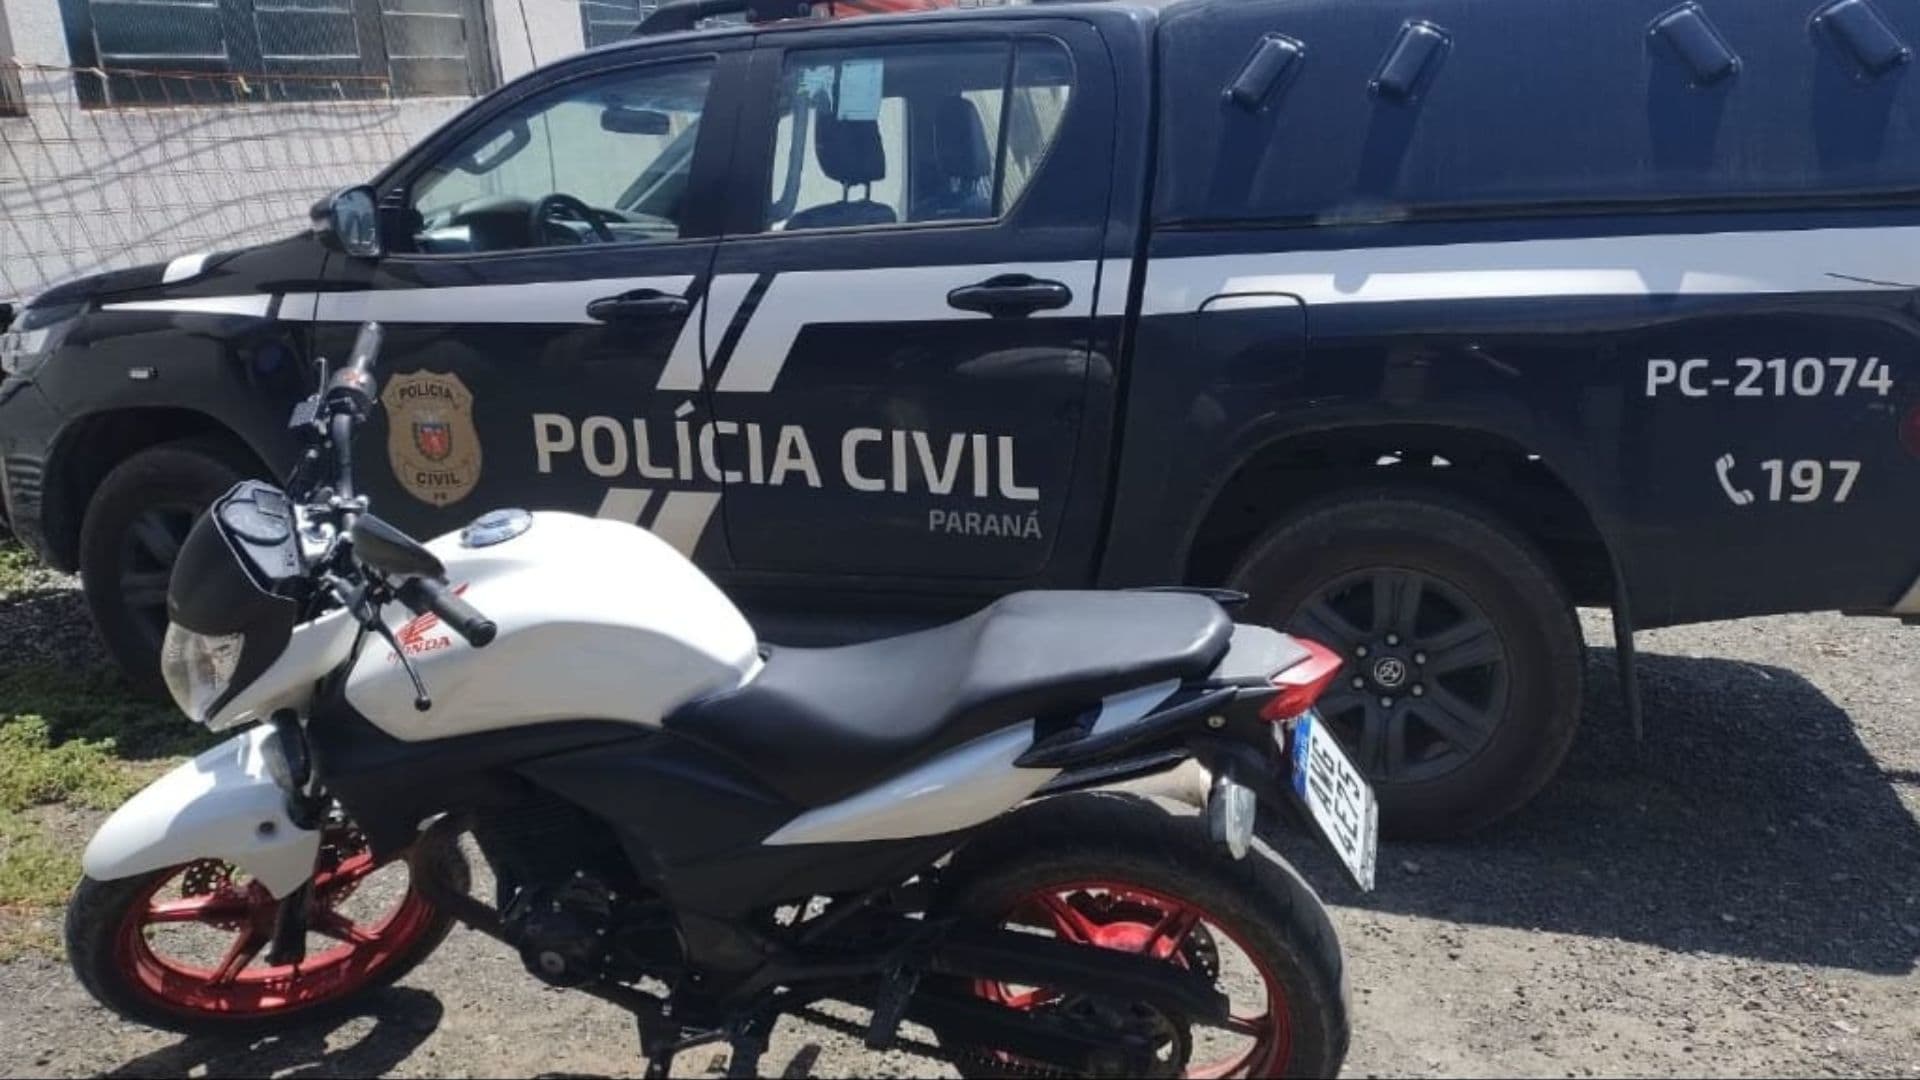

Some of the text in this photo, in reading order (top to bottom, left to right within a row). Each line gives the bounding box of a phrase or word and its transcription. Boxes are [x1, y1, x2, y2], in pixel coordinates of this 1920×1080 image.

[399, 382, 454, 400] POLÍCIA
[1646, 357, 1894, 397] PC-21074
[533, 400, 1040, 500] POLÍCIA CIVIL
[416, 472, 461, 486] CIVIL
[1760, 459, 1862, 502] 197
[928, 508, 1043, 539] PARANÁ
[1333, 760, 1361, 853] 4E75
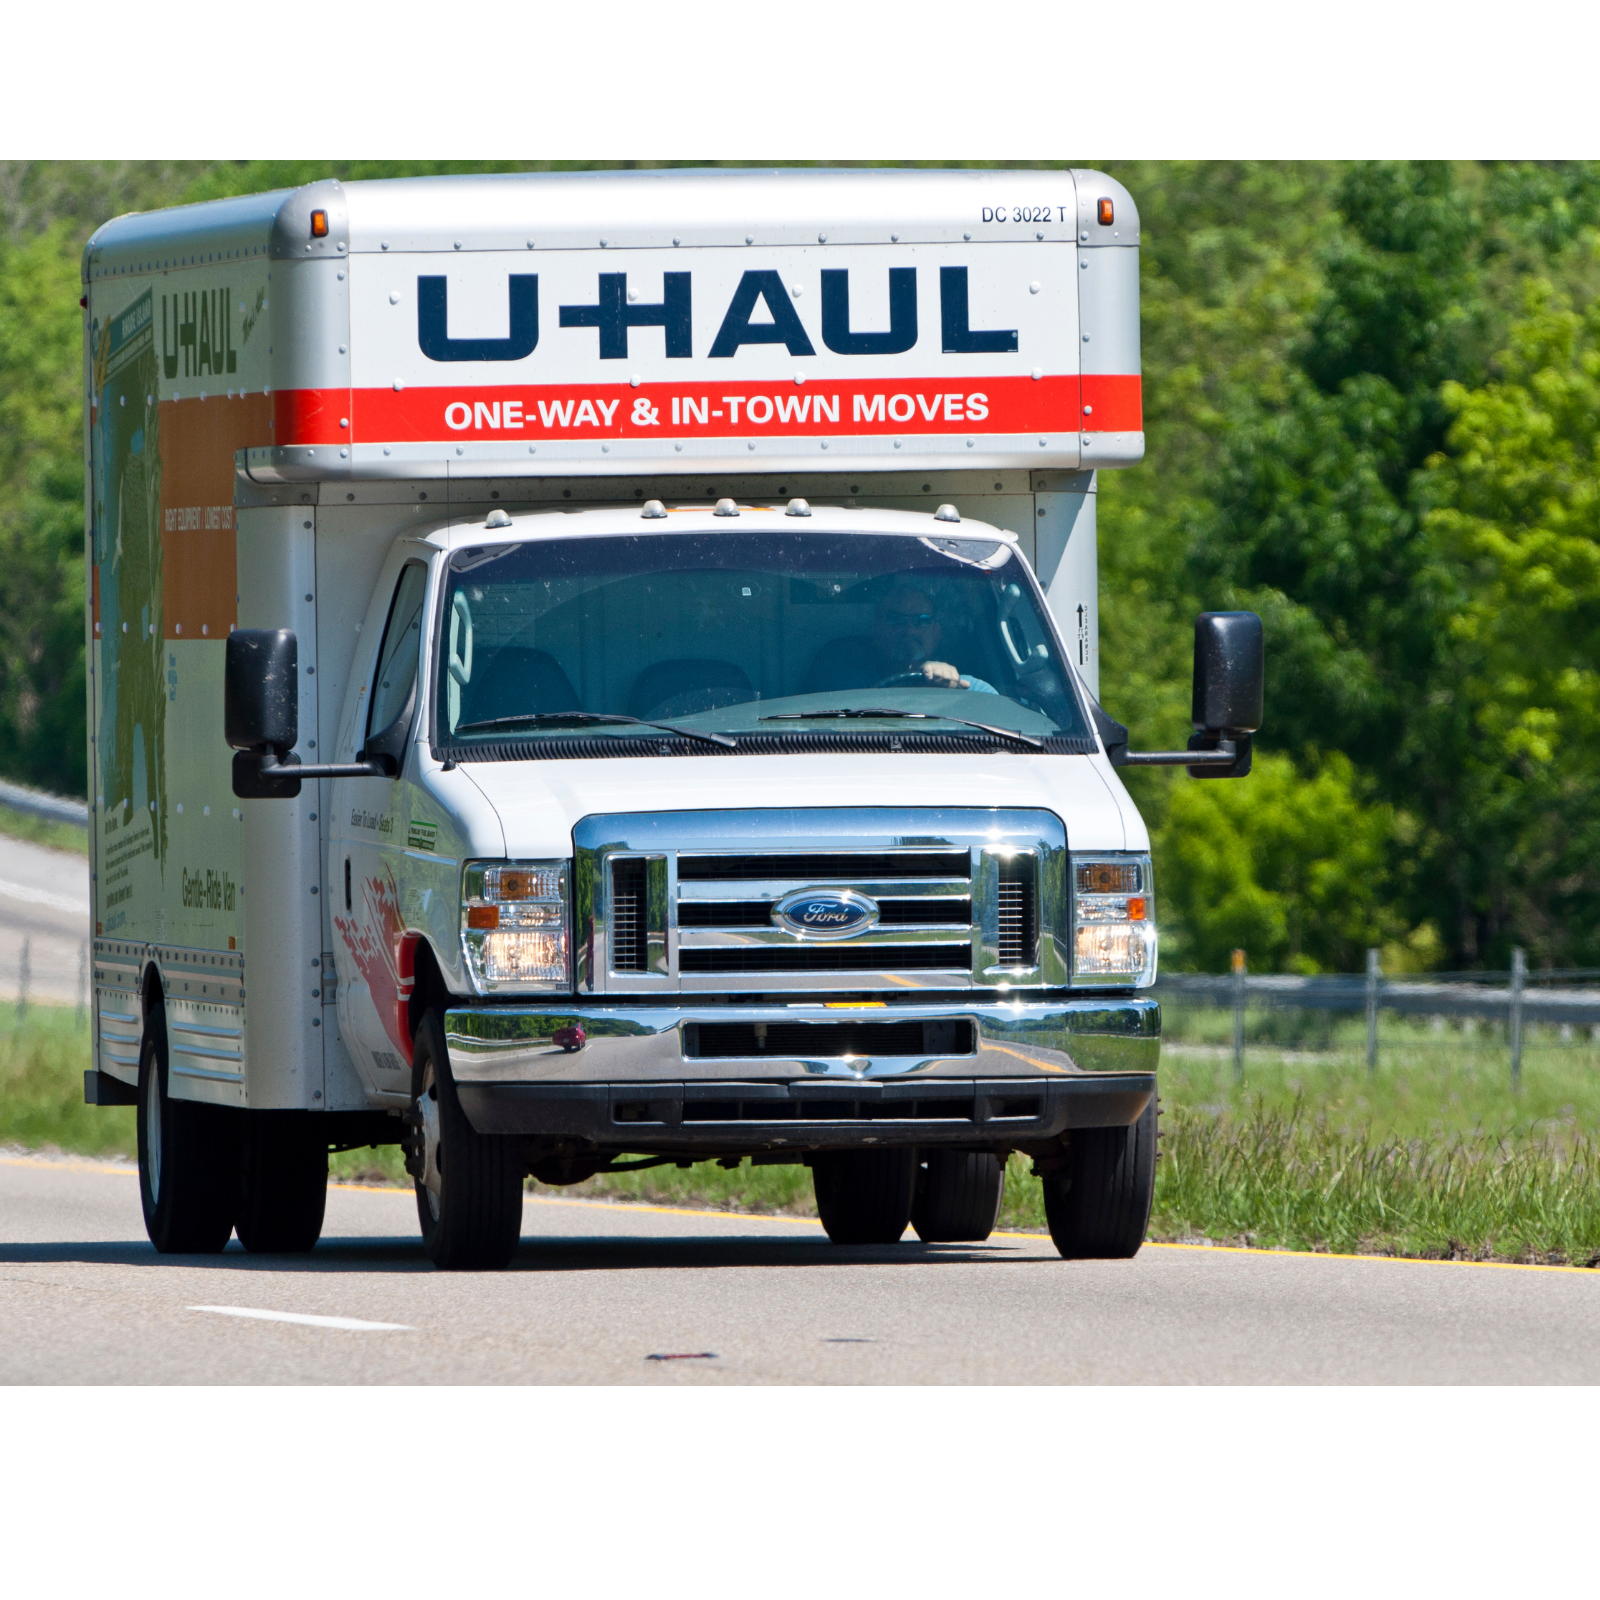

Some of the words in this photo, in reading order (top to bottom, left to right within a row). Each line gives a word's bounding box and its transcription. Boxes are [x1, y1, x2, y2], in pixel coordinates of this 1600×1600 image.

○ ○ ○ ○

Exercise objective: Without the pictures, return the whole of the data exactly as given.

Solution for this task:
Some of the text in this photo, in reading order (top to bottom, left to right within a row). Each line gives the bounding box of a phrase or word and its transcription. Boxes are [x1, y1, x2, y2], in pixel coordinates of this 1920×1080 image.

[399, 382, 454, 400] POLÍCIA
[1646, 357, 1894, 397] PC-21074
[533, 400, 1040, 500] POLÍCIA CIVIL
[416, 472, 461, 486] CIVIL
[1760, 459, 1862, 502] 197
[928, 508, 1043, 539] PARANÁ
[1333, 760, 1361, 853] 4E75

Some of the words in this photo, in reading order (top to bottom, left to right within a row). Each line gives a word's bounding box and its transcription. Boxes are [x1, y1, x2, y2], in pixel coordinates of this 1600×1600 image.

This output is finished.